Je regarde ces images sombres et lumineuses de la photographe Aurélie Foussard : deux séries photographiques à une dizaine d’années de

distance l’une de l’autre ; celle de l’apprentissage - dont le sens est encore flou bien que pointu - et celle d’aujourd’hui, plus mentale, qui révèle

conscience et rigueur assumées.  L’une et l’autre,  argentiques, énigmatiques et en noir et blanc.

Le sujet ou le prétexte de la première série  est l’architecture moderne. C’est une série de détails géométriques, dont les lignes parallèles

épaisses et d’un noir profond croisent des angles, des courbes et d’autres lignes surlignées d’un blanc pur, presqu’aveuglant. Nous sommes dans

le monde des contrastes, rejetant toute interprétation autre que celle, presque rageuse, d’une volonté sans compromis possible, de trancher, de

re-serrer, de creuser une identité visuelle. Parfois, l’image se trouble, flottante et fantomatique,  disparaissant par crainte de trop simplifier

l’ensemble.   La recherche photographique par le truchement de l’architecture – dans ce cas, celle de la villa Savoye de Le Corbusier- absorbe la 

jeune photographe et lui donne la liberté de l’interpréter, immobile dans un magnifique mouvement, sous sa vision baladeuse et profonde. Aurélie

est là pour comprendre peu à peu, à son rythme lent et tendu, la quête d’une vérité qui lui appartient et qu’elle défend d’une manière à la fois

ardente et rigoureuse.

Le résultat de ce premier travail formel, basé sur le duel de la lumière et de  l’ombre, questionne, bien qu’abstrait, le dédoublement de

l’architecture, qui, dans ce cas, se veut avant tout fonctionnaliste et humaine, mais qui, dans celui des abbayes cisterciennes qu’elle affectionne,

appelle à la grandeur humaniste et à la méditation métaphysique.

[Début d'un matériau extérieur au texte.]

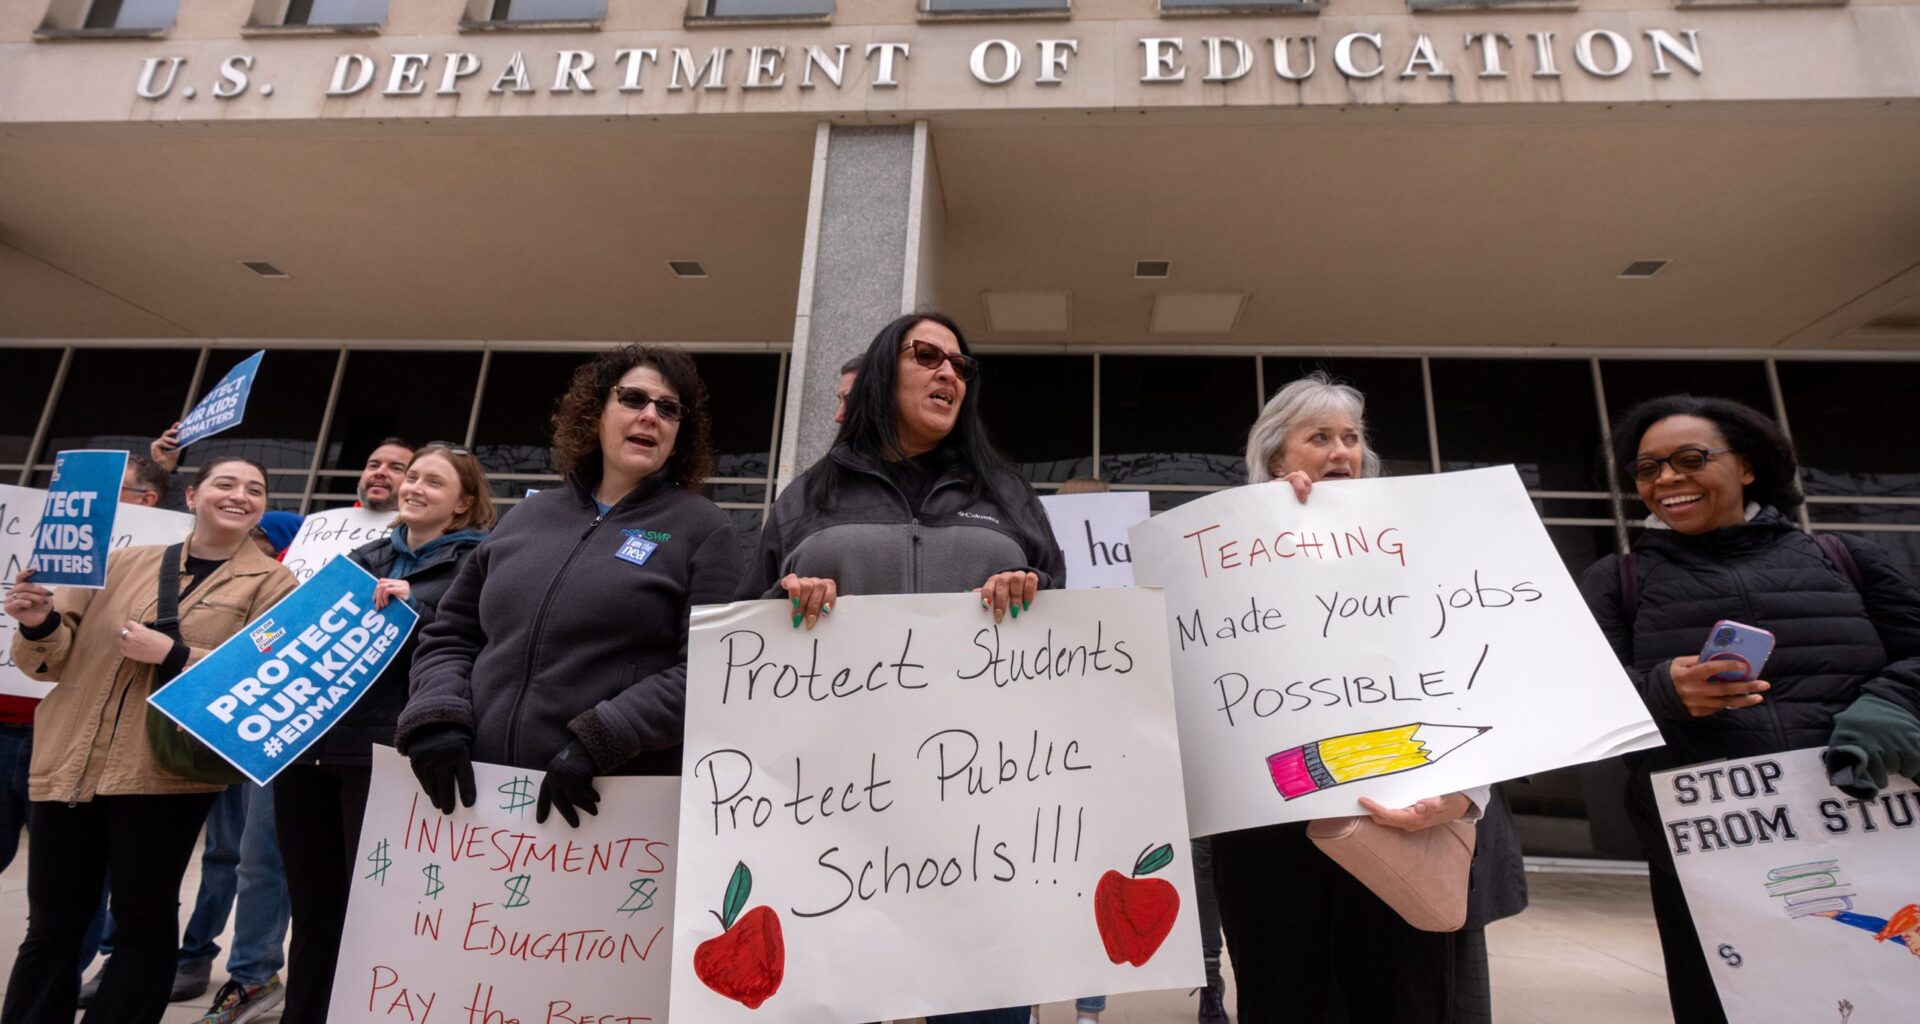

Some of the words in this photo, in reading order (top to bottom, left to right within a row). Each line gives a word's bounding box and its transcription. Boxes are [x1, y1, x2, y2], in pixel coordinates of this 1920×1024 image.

[136, 53, 273, 101] U.S.
[324, 42, 911, 96] DEPARTMENT
[968, 36, 1078, 85] OF
[1139, 28, 1706, 84] EDUCATION
[206, 393, 240, 418] KIDS
[39, 523, 94, 551] KIDS
[965, 512, 1000, 524] Columbia
[1183, 524, 1407, 578] TEACHING
[621, 546, 646, 561] nea
[251, 620, 273, 638] COLOR
[255, 635, 264, 644] OF
[259, 629, 285, 650] CHANGE
[1176, 597, 1287, 652] Made
[1315, 589, 1411, 638] your
[1429, 569, 1543, 639] jobs
[206, 591, 361, 724] PROTECT
[237, 676, 321, 742] OUR
[310, 609, 385, 681] KIDS
[262, 623, 399, 758] #EDMATTERS
[720, 628, 929, 705] Protect
[956, 620, 1133, 688] Students
[1213, 643, 1490, 727] POSSIBLE!
[694, 748, 895, 836] Protect
[917, 728, 1092, 802] Public
[1672, 759, 1785, 806] STOP
[403, 791, 670, 874] INVESTMENTS
[1666, 804, 1799, 856] FROM
[1817, 790, 1920, 835] STU

Il n’est donc pas étonnant que dans la dernière série, elle choisisse une recherche très personnelle sur les corps, ni plus ni moins charnelle que la

première. Ici, le corps humain est androgyne, ni homme ni femme. Sans visage, sans corps et sans regard.

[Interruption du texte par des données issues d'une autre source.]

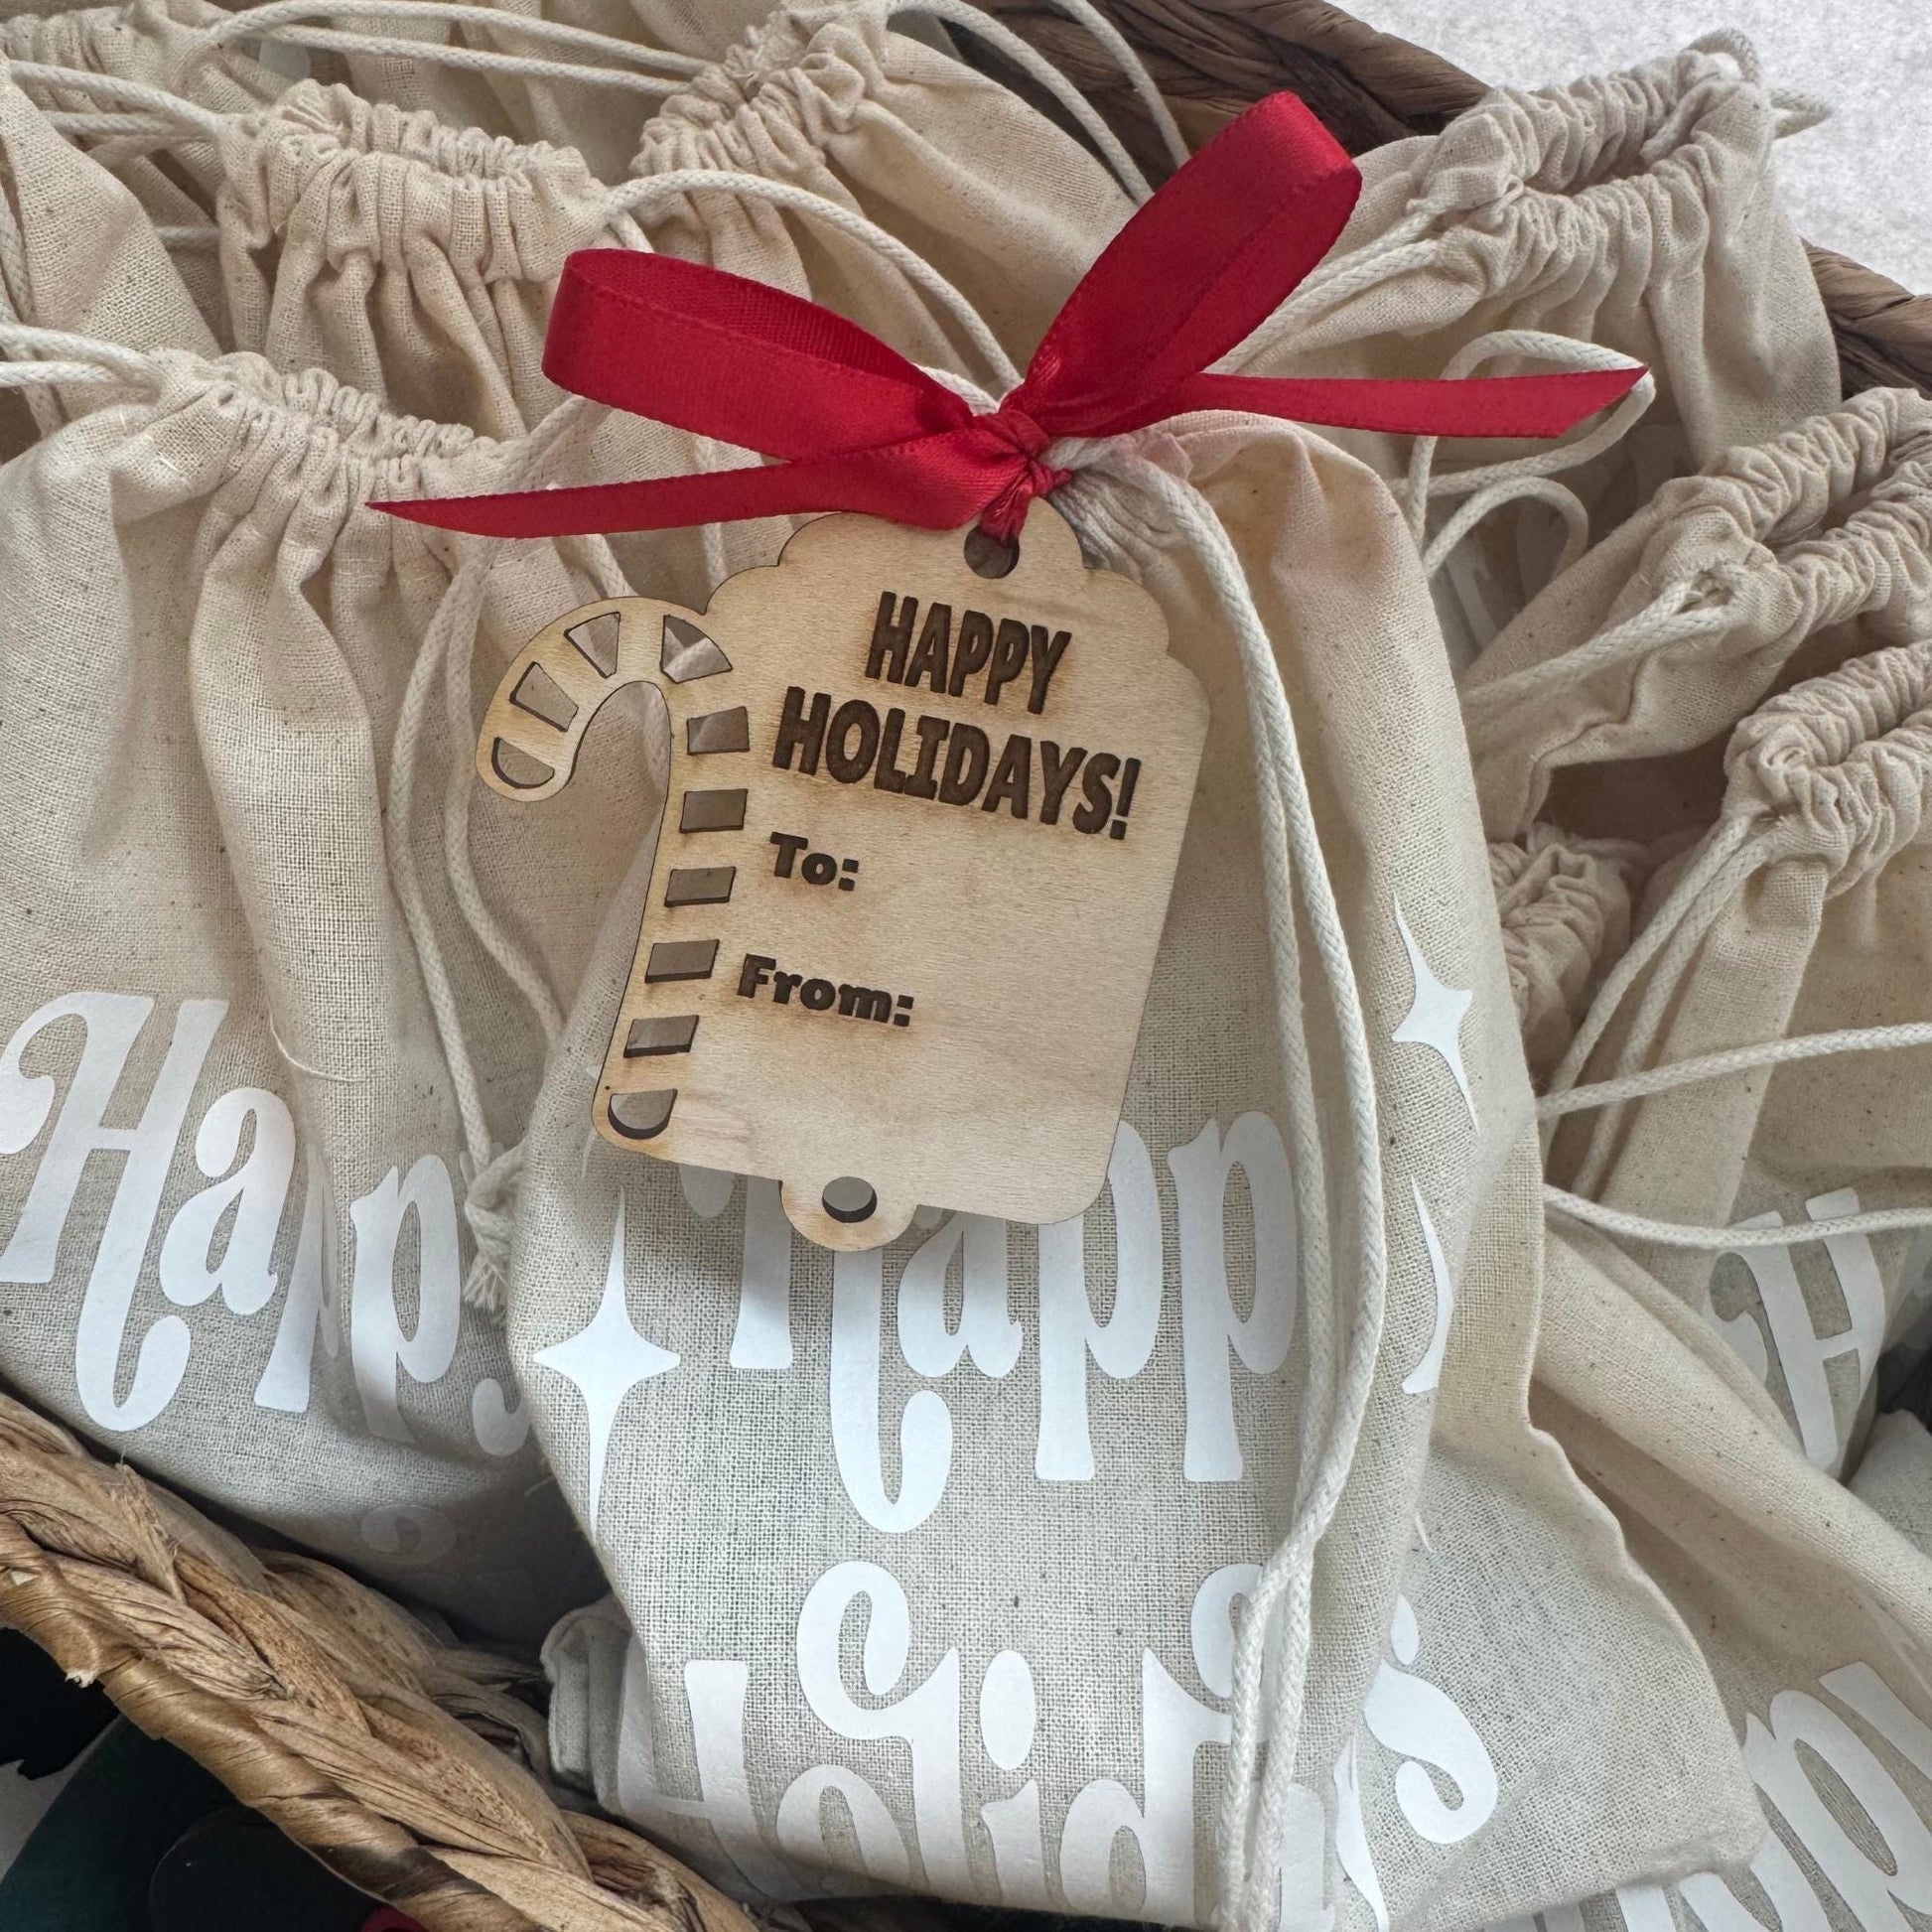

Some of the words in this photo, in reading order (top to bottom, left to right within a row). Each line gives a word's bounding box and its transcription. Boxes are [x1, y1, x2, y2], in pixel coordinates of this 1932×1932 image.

[865, 591, 1072, 715] HAPPY
[772, 686, 1142, 841] HOLIDAYS!
[769, 831, 860, 892] To:
[737, 952, 914, 1028] From:

L’érotisme ordinaire en est volontairement absent, mais une certaine grâce inattendue surgit ça et là, créée une fois encore par l’ombre et la

lumière - armes maitresses de la photographie et qui sont également celles d’Aurélie Foussard. Que cherche-t-elle, sinon l’ossature, l’humaine

essence, la « substantifique moelle » - l’identité de l’être et de la sienne confondues - sinon traquer  le punctum qui fait éclore la photo juste,

vibrer les corps, ces corps mystérieux qu’elle suit dans leur géométrie pure, dansante et parfois poétiquement écorchée?

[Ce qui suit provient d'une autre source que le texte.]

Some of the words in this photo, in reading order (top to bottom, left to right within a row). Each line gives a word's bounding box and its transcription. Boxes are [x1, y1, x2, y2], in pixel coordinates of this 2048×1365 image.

 Aurélie Foussard me semble prête à charger l’acte photographique de ses doutes et de ses certitudes pour raconter parallèlement une histoire

énigmatique de vie, de temps et de création. Entre pierre et corps, entre présence et absence, entre clarté et disparition, le sens et la force d’une

œuvre photographique qui crie bien haut son exigence.